Aline hoje aos 47 anos explica que por muitos anos não se entendia como uma mulher preta. “Só estou ocupando esse espaço agora porque eu me reconheci como mulher preta. Por não ter a pele escura, a gente se distancia da nossa negritude, a gente passa a acreditar que a gente não tem a pele preta. Muita gente vai falar, ‘você nem é preta, nem tem a pele escura assim’. Eu achei durante 40 anos da minha vida que eu era uma mulher branca e que teria o mesmo privilégio de uma pessoa branca. Só que não tive porque eu não sou branca. Eu ficava totalmente sem saber quem eu era, ficava distante da minha identidade e isso não me dava força”, explica.

A atriz se conscientizou após os 40 anos, em um espetáculo de teatro que abordava o racismo: “Foi durante uma peça de teatro chamada Contos Negreiros do Brasil, do Marcelino Freire, que me entendi como uma mulher preta. Era uma peça que trazia números e estatísticas sobre a real situação dos pretos no Brasil. A cada 23 minutos um jovem negro é assassinado no Brasil. A gente ouve, mas não se dá conta dessa dimensão e naturaliza isso”.

“Quando eu fui chamada para fazer essa peça, pensei: ‘Como assim? Eu não sou eu sou preta’. Fiquei confusa na hora, mas fui e chegando lá, me identifiquei com todas aquelas pessoas. É como se eu tivesse voltado às minhas origens. Aquele era o meu lugar. Mas ainda estava confusa porque eu não me reconhecia como mulher preta. Comecei a fazer a leitura do texto e pediram para que cada ator escrevesse um monólogo sobre a própria vida do ponto de vista de uma mulher preta ou como um homem preto. Pensei: ‘Meu Deus, agora o que eu vou falar? Eu não sou preta’. Entrei no meu quarto, peguei uma caneta e um papel e comecei a escrever sobre a minha vida desde quando eu nasci”. 
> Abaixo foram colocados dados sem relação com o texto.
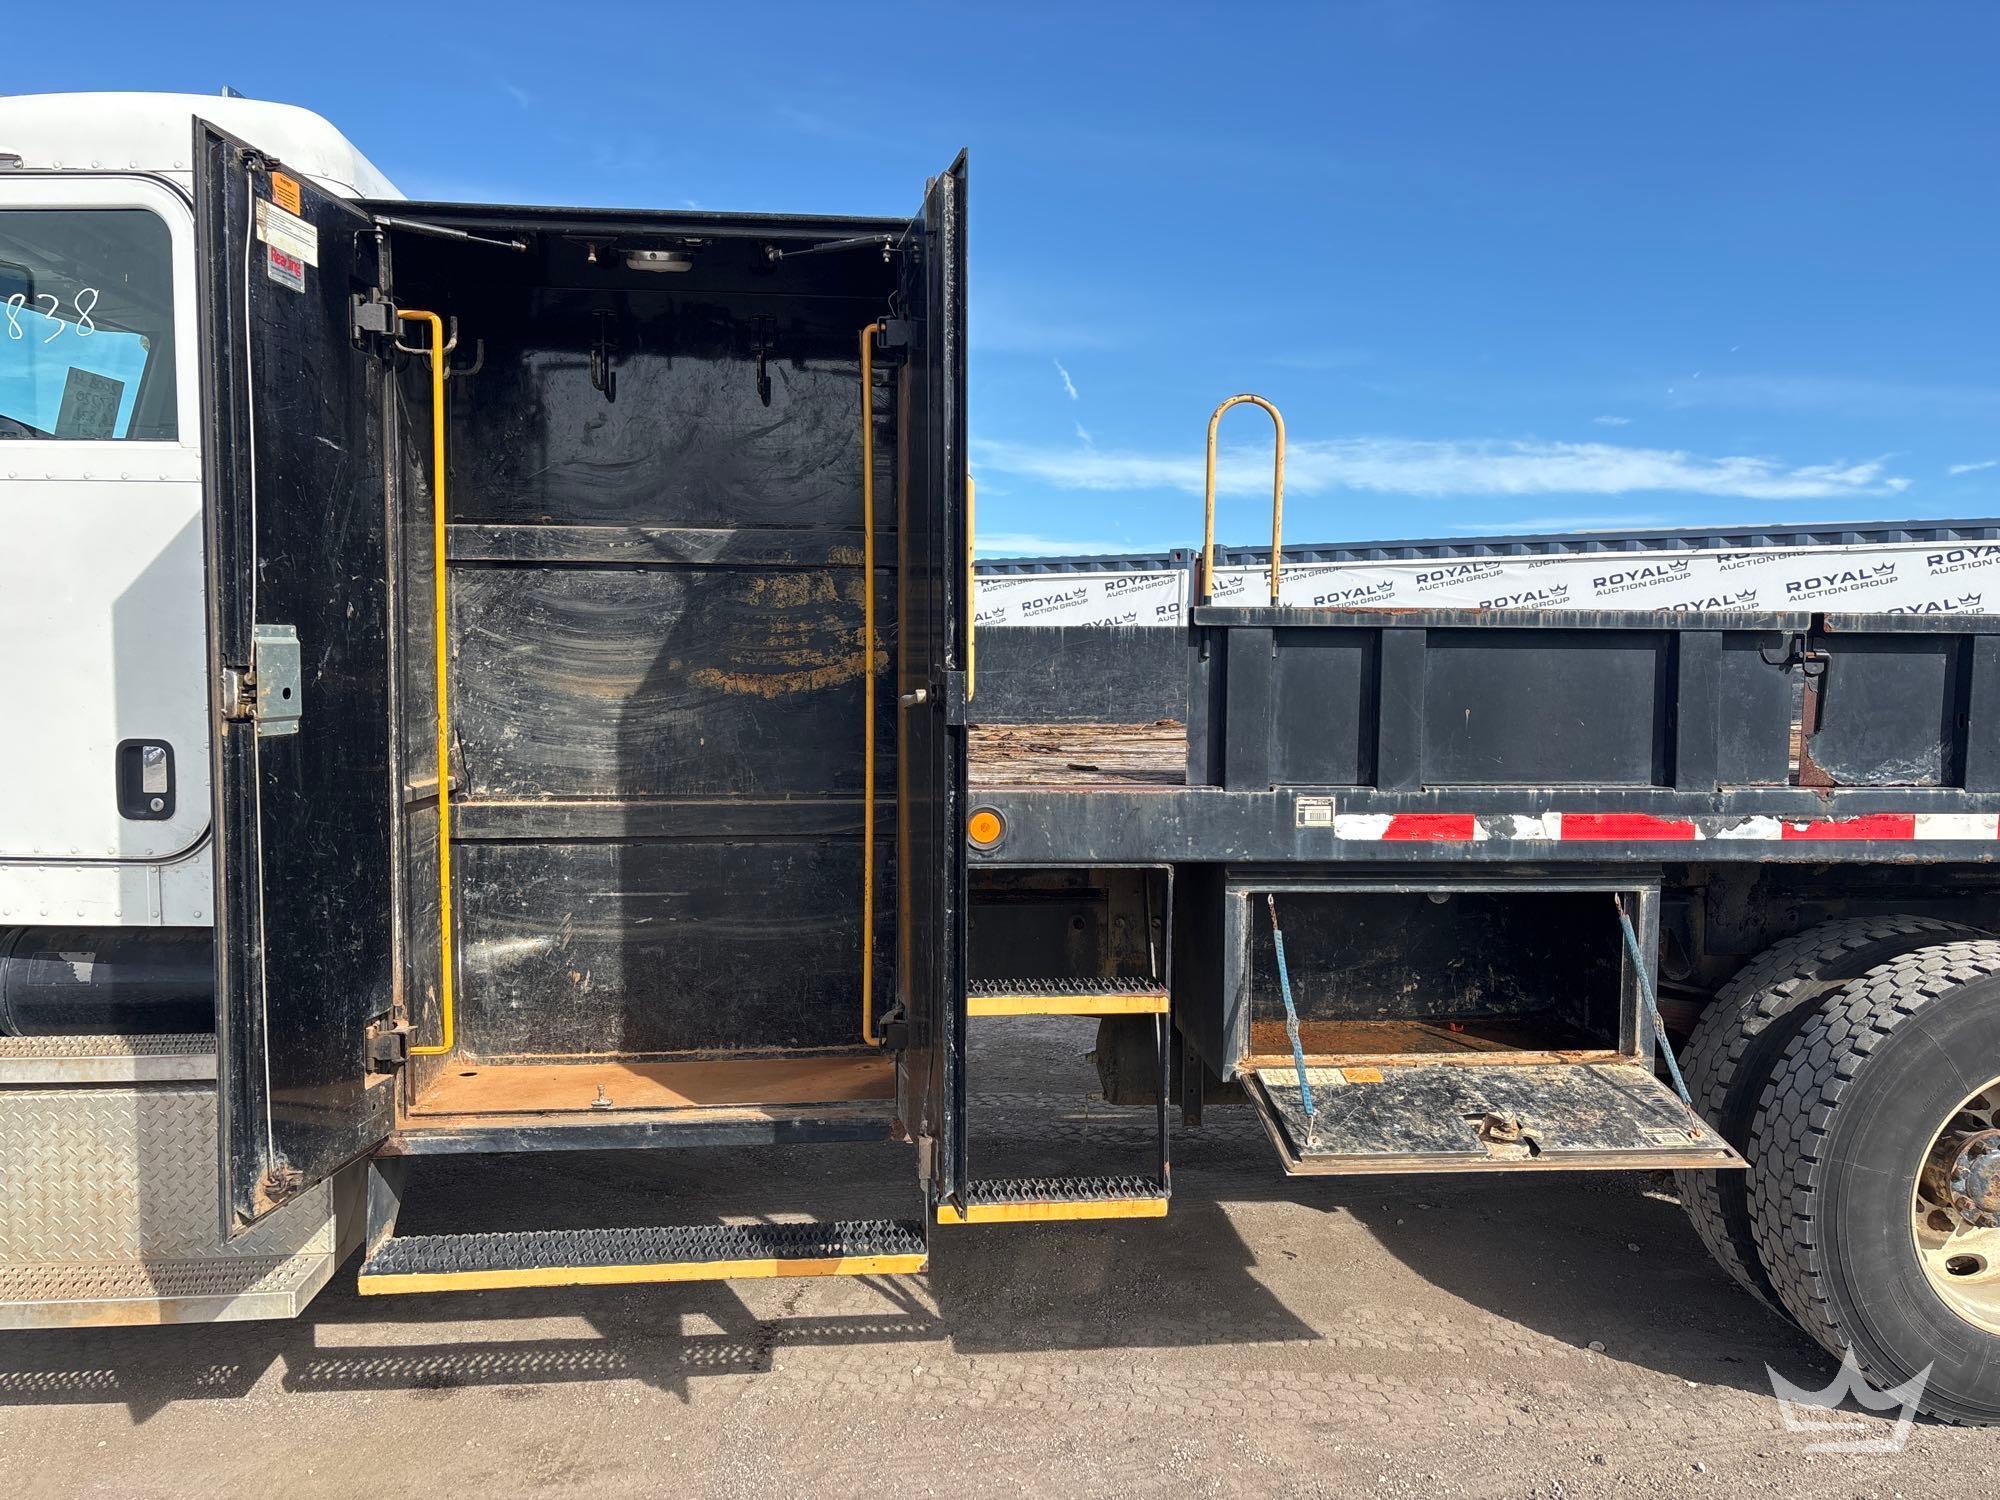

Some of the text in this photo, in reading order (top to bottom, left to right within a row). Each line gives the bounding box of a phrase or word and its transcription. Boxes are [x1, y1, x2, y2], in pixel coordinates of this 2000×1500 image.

[6, 288, 100, 344] 838
[1719, 554, 1776, 571] AUCTION
[1927, 546, 2000, 567] ROYA
[1416, 562, 1484, 584] ROYAL
[1930, 558, 1993, 576] AUCTION
[1265, 572, 1307, 587] ACTION
[1418, 569, 1504, 592] AUCTION GROUP
[1593, 565, 1669, 589] ROYAL
[1595, 572, 1692, 597] AUCTION GROUP
[1785, 569, 1873, 594] ROYAL
[982, 581, 1016, 593] AUCTION
[1107, 577, 1176, 598] AUCTION GROUP
[1213, 587, 1245, 599] GROUP
[1313, 585, 1377, 606] ROYAL
[1789, 576, 1899, 602] AUCTION GROUP
[1022, 592, 1073, 611] ROYAL
[1361, 592, 1396, 604] GROUP
[1479, 590, 1549, 609] ROYAL
[1531, 597, 1570, 610] GROUP
[1656, 595, 1736, 611] OYAL
[1024, 598, 1089, 618] AUCTION GROUP
[1157, 613, 1180, 623] AUCT
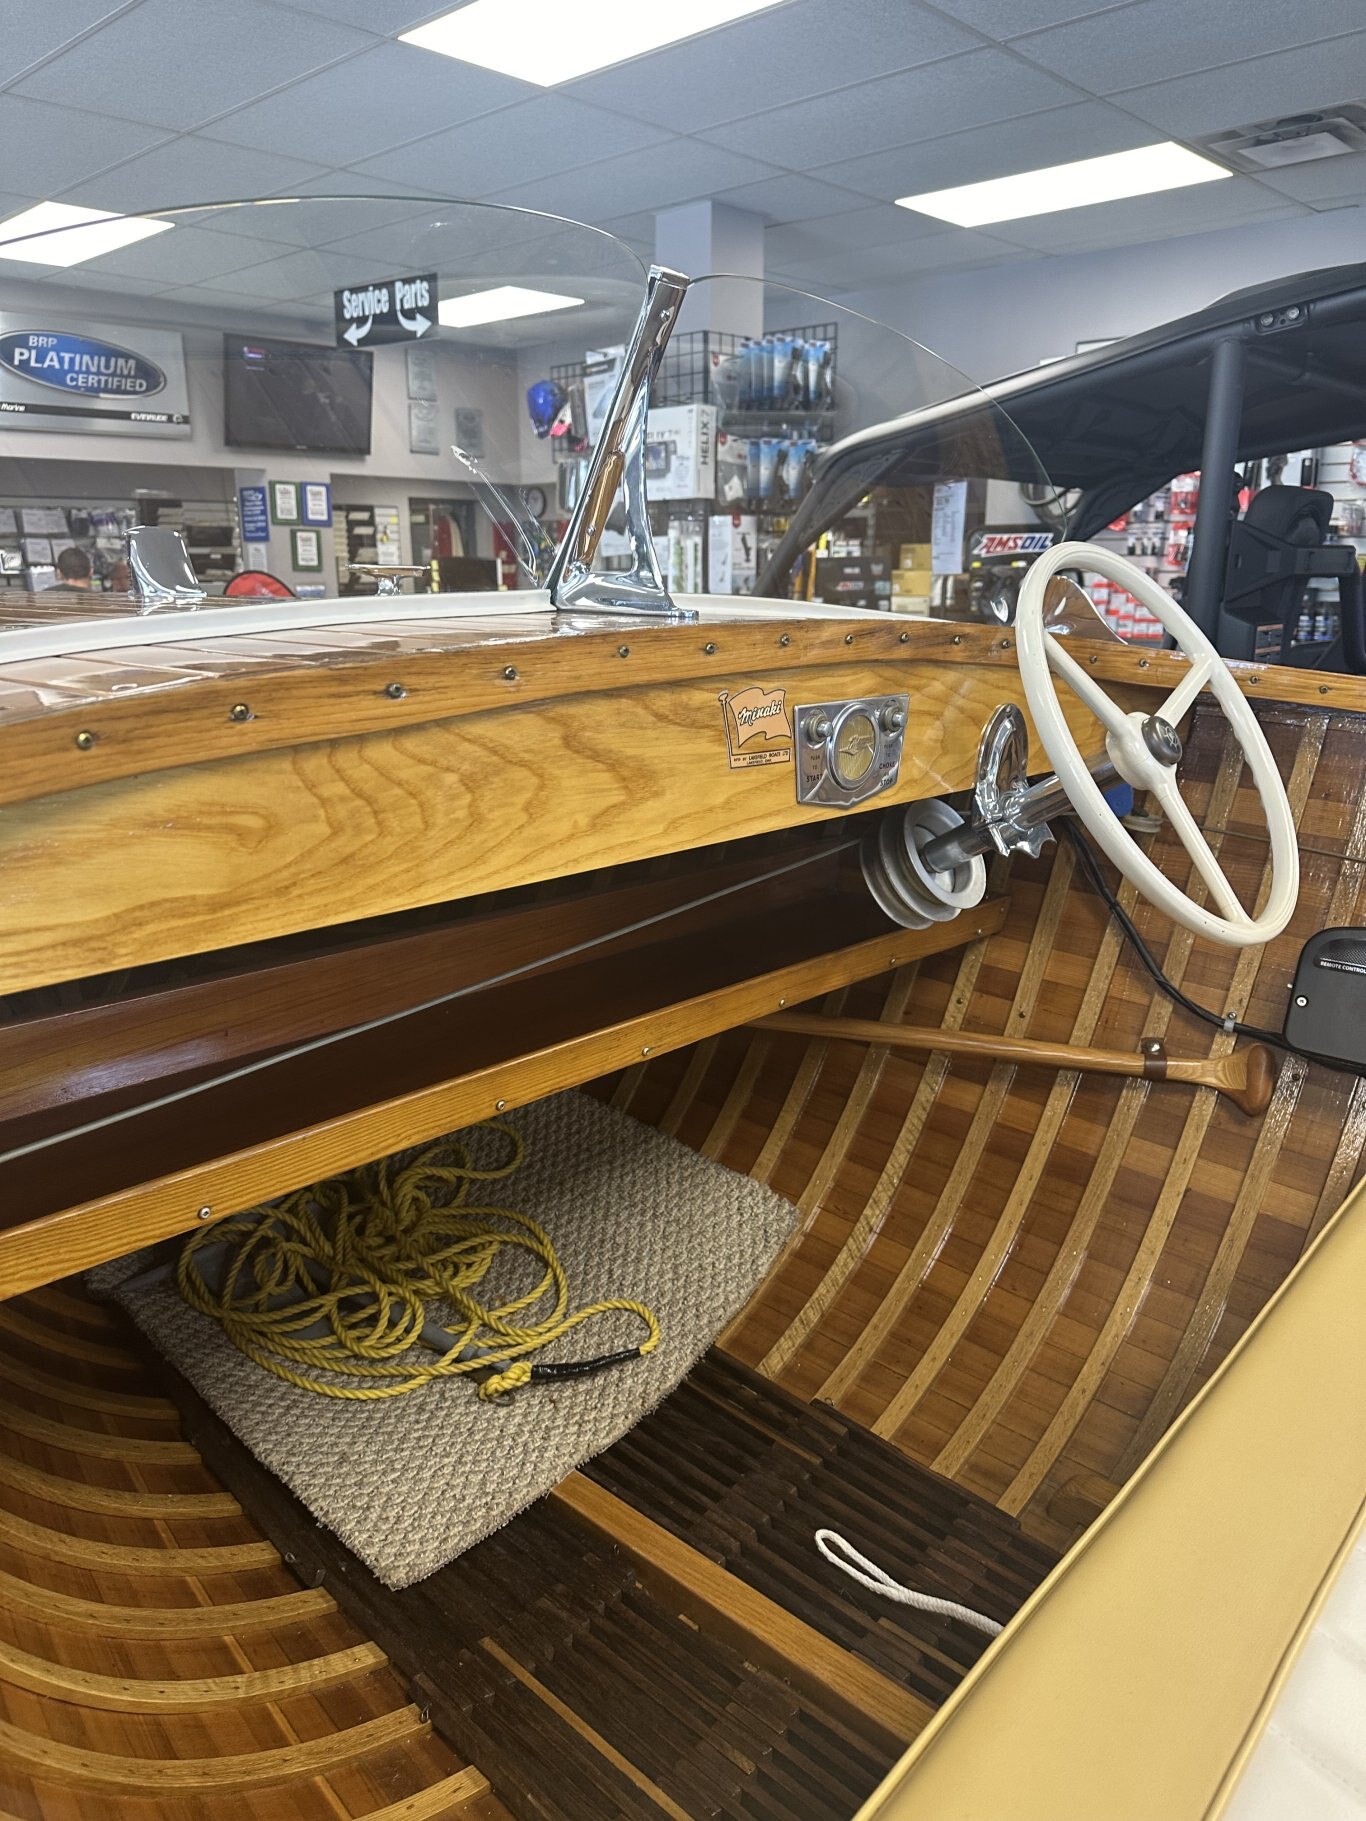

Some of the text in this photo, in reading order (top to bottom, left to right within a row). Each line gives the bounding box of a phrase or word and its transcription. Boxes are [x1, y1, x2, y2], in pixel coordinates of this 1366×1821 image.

[342, 279, 430, 319] Service Parts
[28, 335, 58, 348] BRP
[13, 348, 137, 376] PLATINUM
[66, 373, 147, 392] CERTIFIED
[701, 421, 709, 466] HELIX
[979, 535, 1050, 555] AMSOIL
[738, 700, 782, 726] Minaki
[806, 774, 823, 783] START
[1320, 961, 1341, 969] REMOTE
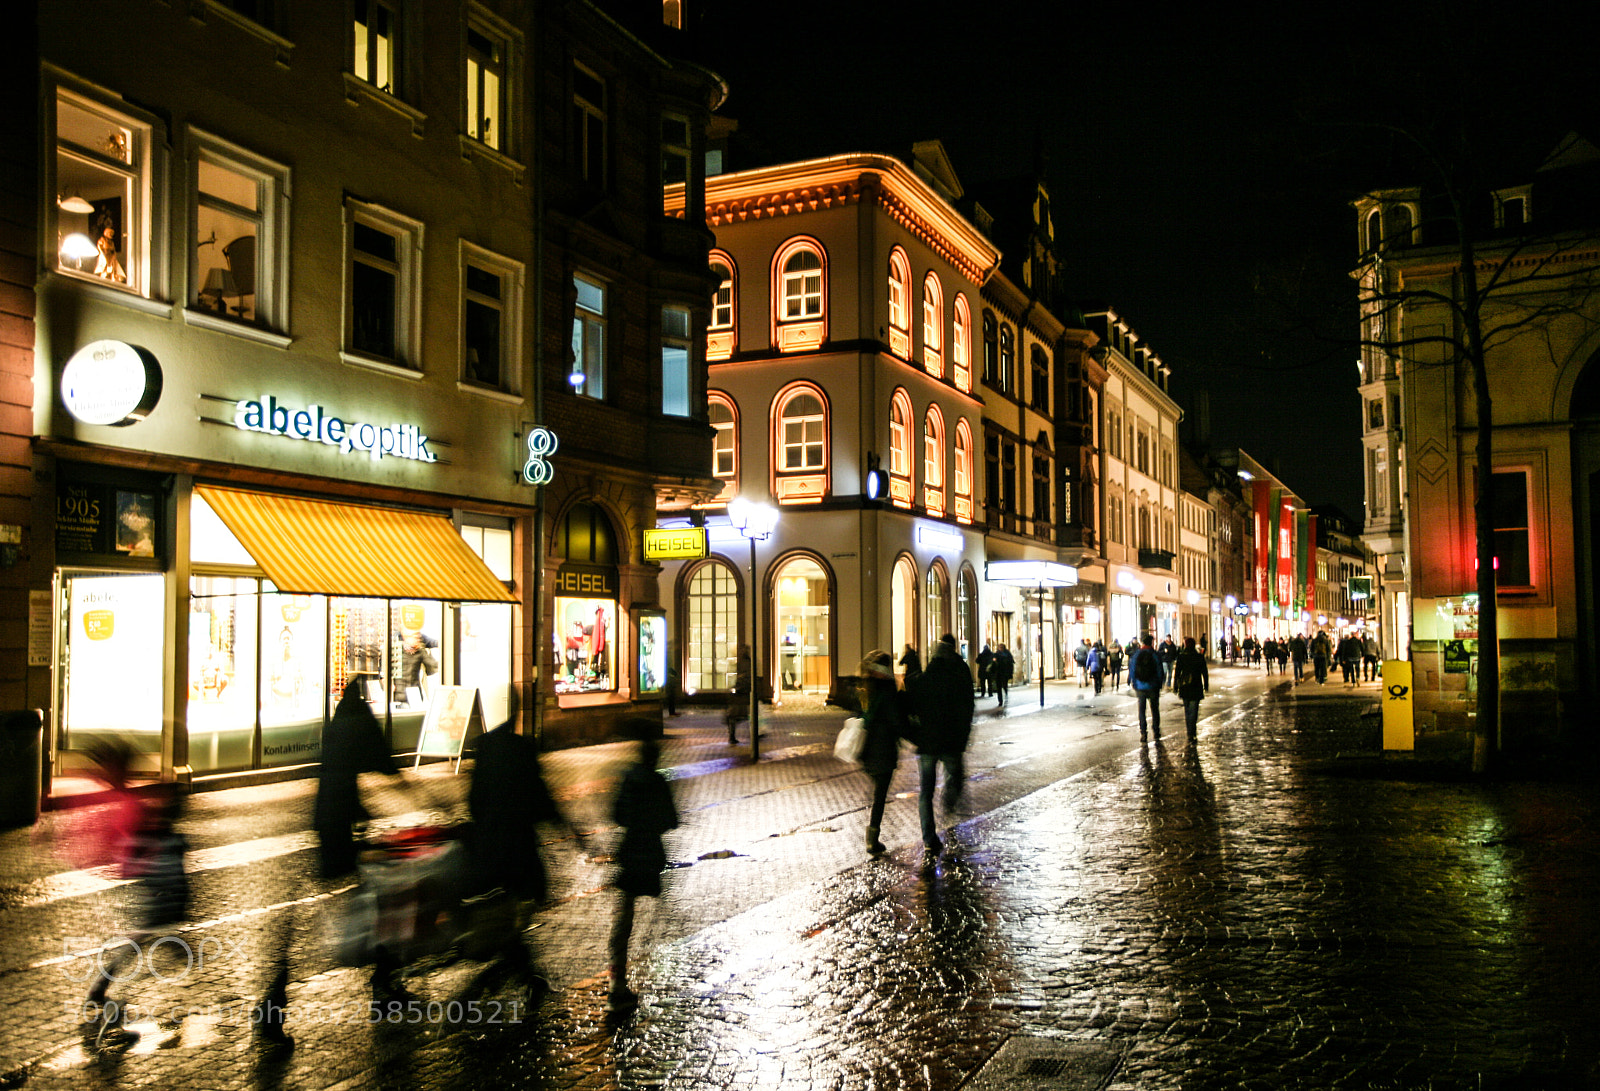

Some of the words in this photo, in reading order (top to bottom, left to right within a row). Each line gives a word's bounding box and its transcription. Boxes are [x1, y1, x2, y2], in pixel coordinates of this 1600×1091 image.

Hoje a atriz se alegra por ver mais atores pretos ocupando espaços na TV, mas ressalta que ainda há muito espaço a ser ocupado. “É importantíssimo ter pessoas pretas em todos os espaços. Eu não me reconhecia na TV. Meninas pretas e meninos pretos vão assistir TV e precisam se ver não só nos papéis que a vida inteira colocaram a gente, o de empregada, copeira e faxineira. Eles precisam se ver presidente, médicos… É isso que a gente precisa ver, essa transformação. Ter essa família Gonçalves em Pantanal é muito importante, mas ainda é apenas um núcleo. Precisamos ocupar mais espaços”, disse ela à publicação.